Anatomic vs Reverse Total Shoulder Replacement
Masters Course 2026
Charleston, S.C.
Attending the Masters Course 2026 on shoulder arthroplasty marked my third time participating in this outstanding program. Each visit has consistently delivered fresh insights that refine my surgical technique and help improve patient outcomes.
From innovative approaches to complex revisions to subtle pearls on implant positioning and soft tissue management, the course continues to sharpen my skills. Most valuable is the opportunity to exchange ideas with leading shoulder surgeons from around the world, gaining new perspectives that challenge and expand my own thinking.
The most interesting discussion was that revolving around a ten year follow up comparing anatomic total shoulder arthroplasty (aTSA) to reverse total shoulder arthroplasty. The results presented showed that both aTSA and rTSA patients had significant improvements in all scoring metrics, motion, function and significant decreases in pain.
Patient satisfaction scores were
aTSA: 85.5%
rTSA: 93.2%
However, the aTSA patients had an overall 16% complication rate (most common: glenoid loosening and rotator cuff tears) versus rTSA 8% complication rate (most common: fracture around the implant after falling).

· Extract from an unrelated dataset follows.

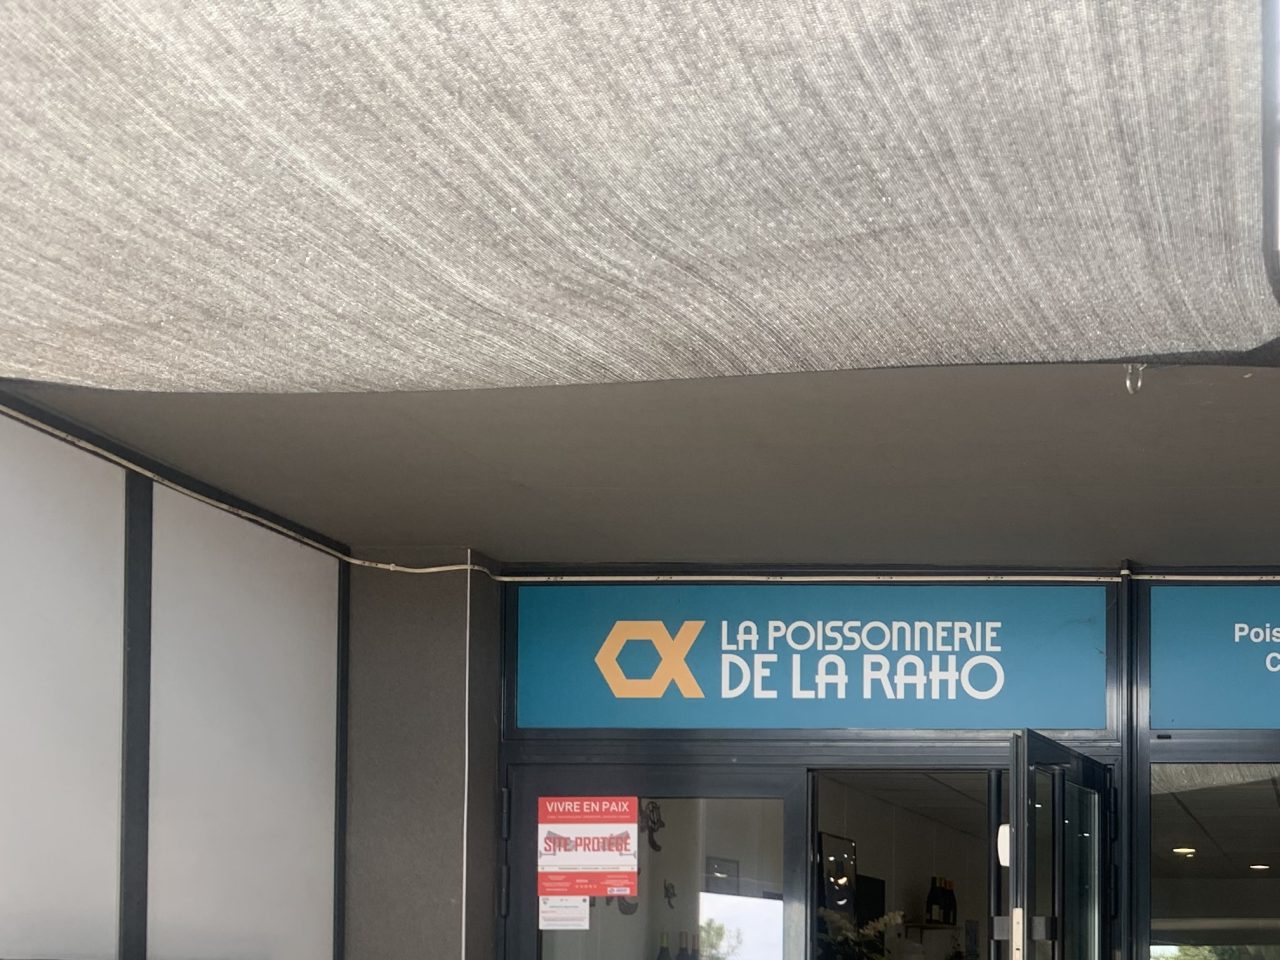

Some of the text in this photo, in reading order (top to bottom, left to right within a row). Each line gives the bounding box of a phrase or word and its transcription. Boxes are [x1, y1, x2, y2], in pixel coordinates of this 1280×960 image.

The revision rate (% of patients that required another surgery) was:
aTSA: 9.2%
rTSA: 1.9%
The aTSA patients had a significantly higher complication rate and higher revision rate.
This is the largest analysis of long-term clinical outcomes of aTSA and rTSA that demonstrated high levels of patient satisfaction scores, but noted significantly lower complication and revision rates for rTSA patients.